------ Material for this task

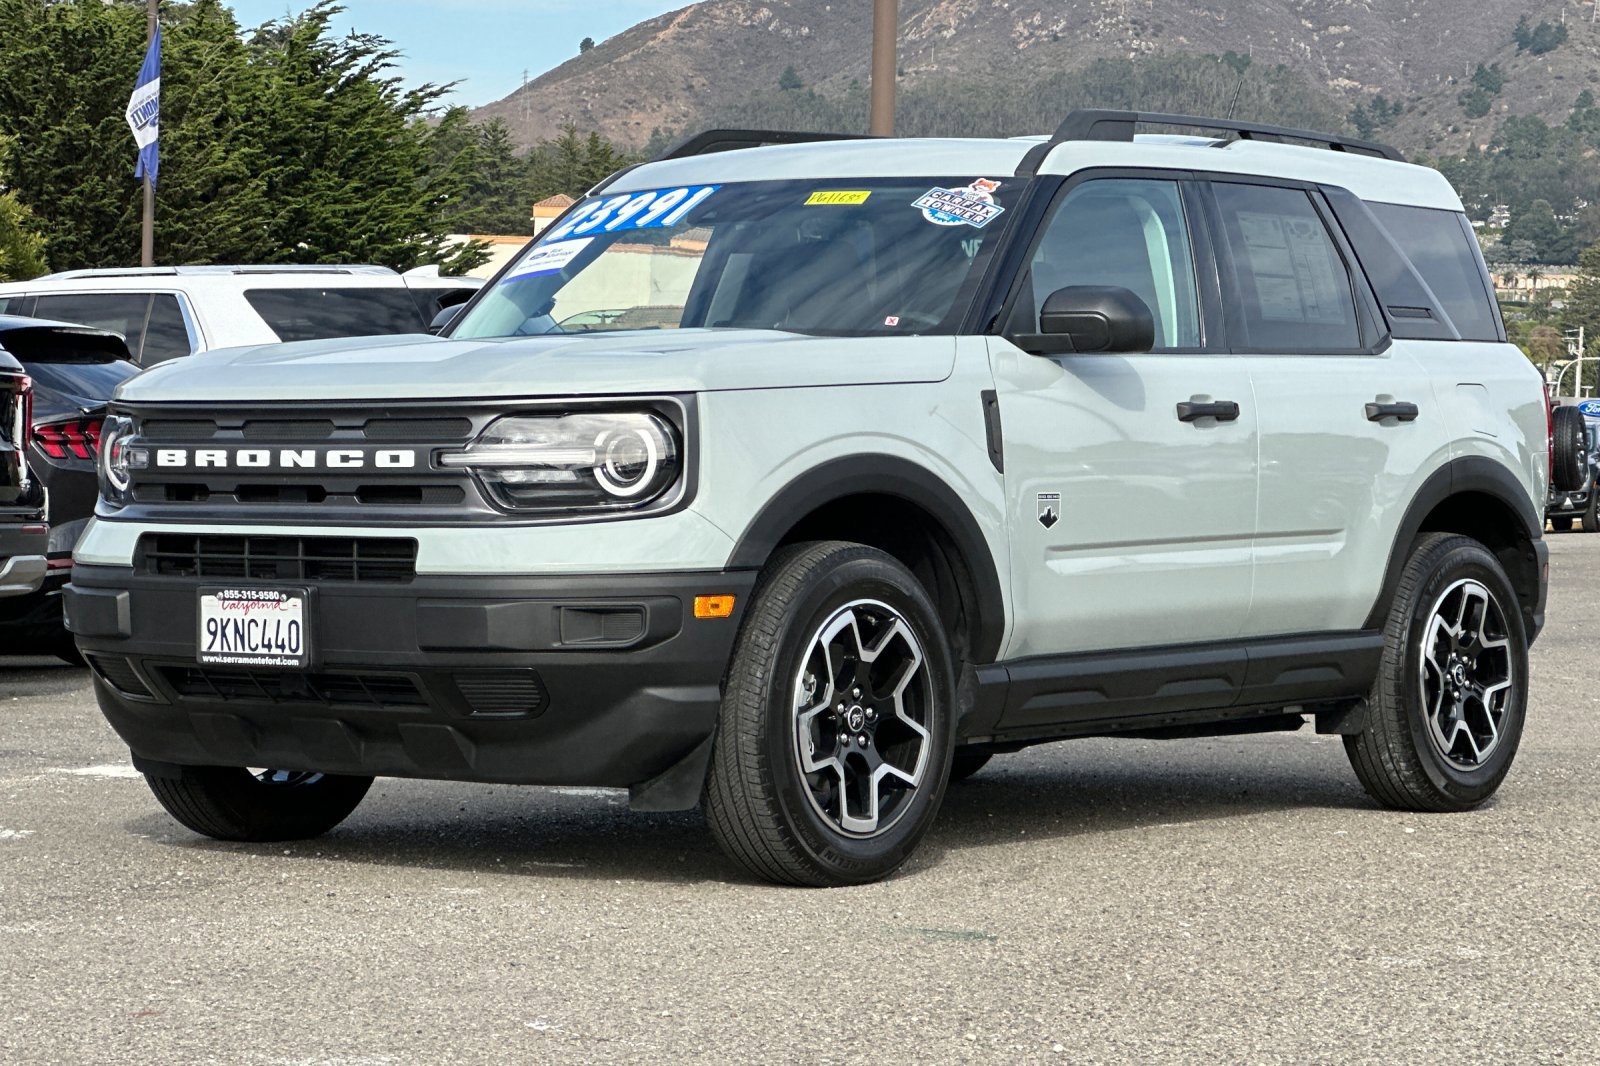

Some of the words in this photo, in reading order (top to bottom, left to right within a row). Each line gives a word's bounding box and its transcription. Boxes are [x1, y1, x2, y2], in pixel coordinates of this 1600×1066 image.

[931, 191, 993, 216] CARFAX
[931, 202, 986, 223] OWNER
[545, 187, 714, 241] 23991
[157, 449, 415, 468] BRONCO
[223, 589, 280, 600] 855-315-9580
[221, 599, 288, 616] California
[206, 617, 300, 654] 9KNC440
[202, 654, 299, 666] www.serramonteford.com

------------

## Instructions for the task
Transcribe the listing above exactly, leaving every picture out.

## Written solution
Some of the words in this photo, in reading order (top to bottom, left to right within a row). Each line gives a word's bounding box and its transcription. Boxes are [x1, y1, x2, y2], in pixel coordinates of this 1600×1066 image.

[931, 191, 993, 216] CARFAX
[931, 202, 986, 223] OWNER
[545, 187, 714, 241] 23991
[157, 449, 415, 468] BRONCO
[223, 589, 280, 600] 855-315-9580
[221, 599, 288, 616] California
[206, 617, 300, 654] 9KNC440
[202, 654, 299, 666] www.serramonteford.com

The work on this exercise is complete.